Exercise Recommendations to Decrease Mortality Risk in Diabetes and Cardiovascular Disease Patients

Patients with type 2 diabetes mellitus (T2DM) and cardiovascular disease (CVD) may lengthen their lifespans by adding physical activity to their routine for a variety of reasons, a new study has found. While this has been long reported, the present study provides physical activity guidelines for patients.

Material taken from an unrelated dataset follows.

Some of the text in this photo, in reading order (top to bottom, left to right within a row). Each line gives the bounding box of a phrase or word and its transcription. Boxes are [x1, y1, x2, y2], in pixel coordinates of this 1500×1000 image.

The study, published in the European Journal of Preventative Cardiology, was conducted on behalf of the European Association of Preventive Cardiology (EAPC). According to the EAPC researchers, T2DM patients are at an increased risk of numerous cardiovascular outcomes, including dysglycaemia, dyslipidaemia, arterial hypertension, obesity, and reduced cardiorespiratory fitness (CRF). Patients with T2DM and cardiovascular comorbidities are especially at risk of mortality, and exercise can help with insulin sensitivity, lipid profile, vascular reactivity, and CRF.

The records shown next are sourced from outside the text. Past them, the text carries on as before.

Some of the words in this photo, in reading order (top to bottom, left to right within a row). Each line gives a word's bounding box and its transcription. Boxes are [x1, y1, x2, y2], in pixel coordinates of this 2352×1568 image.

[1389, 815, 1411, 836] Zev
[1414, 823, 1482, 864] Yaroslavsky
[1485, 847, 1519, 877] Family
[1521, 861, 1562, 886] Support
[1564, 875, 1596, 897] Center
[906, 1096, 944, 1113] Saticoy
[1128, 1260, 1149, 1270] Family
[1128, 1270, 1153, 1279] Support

“Sedentary lifestyles and unhealthy diets are the most important drivers of the increasing number of patients with type 2 diabetes and cardiovascular problems such as heart attacks,” said study author Dr. Hareld Kemps, a cardiologist at Máxima Medical Centre, Veldhoven, the Netherlands, in a press release. “Diabetes doubles the risk of mortality but the fitter patients become, the more that risk declines. Unfortunately, the majority of patients do not engage in exercise [programs].”

The Centers for Disease Control and Prevention (CDC) reports that as of 2015, more than 30 million Americans have diabetes—about 9.4% of the total population—and an additional 84.1 million have prediabetes, which, per the CDC, could become type 2 diabetes in as little as five years. And according to data from the American Heart Association and American Stroke Association, “Cardiovascular disease is the leading global cause of death, accounting for 17.3 million deaths per year, a number that is expected to grow to more than 23.6 million by 2030.” An estimated 85.6 million people in the U.S. have some form of CVD or live with the after-effects of a stroke.

Among the report’s recommendations are:

Increased CRF. “Optimal exercise intensity to improve CRF and improve glycaemic control is essential,” according to the researchers. “Assessment of CRF is therefore recommended for risk stratification, exercise prescription and effect monitoring, preferably by cardiopulmonary exercise testing.”

Glycemic control. This should be considered “a key target … of exercise training in these patients,” the study authors state.

Optimal blood pressure control through exercise and medication. The authors called for future research to evaluate what type and duration of exercise is best for blood pressure control.

Parameters of various exercise trainings—aerobic endurance and resistance training—should be personalized for each patient. According to Dr. Kemps, these goals should also be motivational to everyday living.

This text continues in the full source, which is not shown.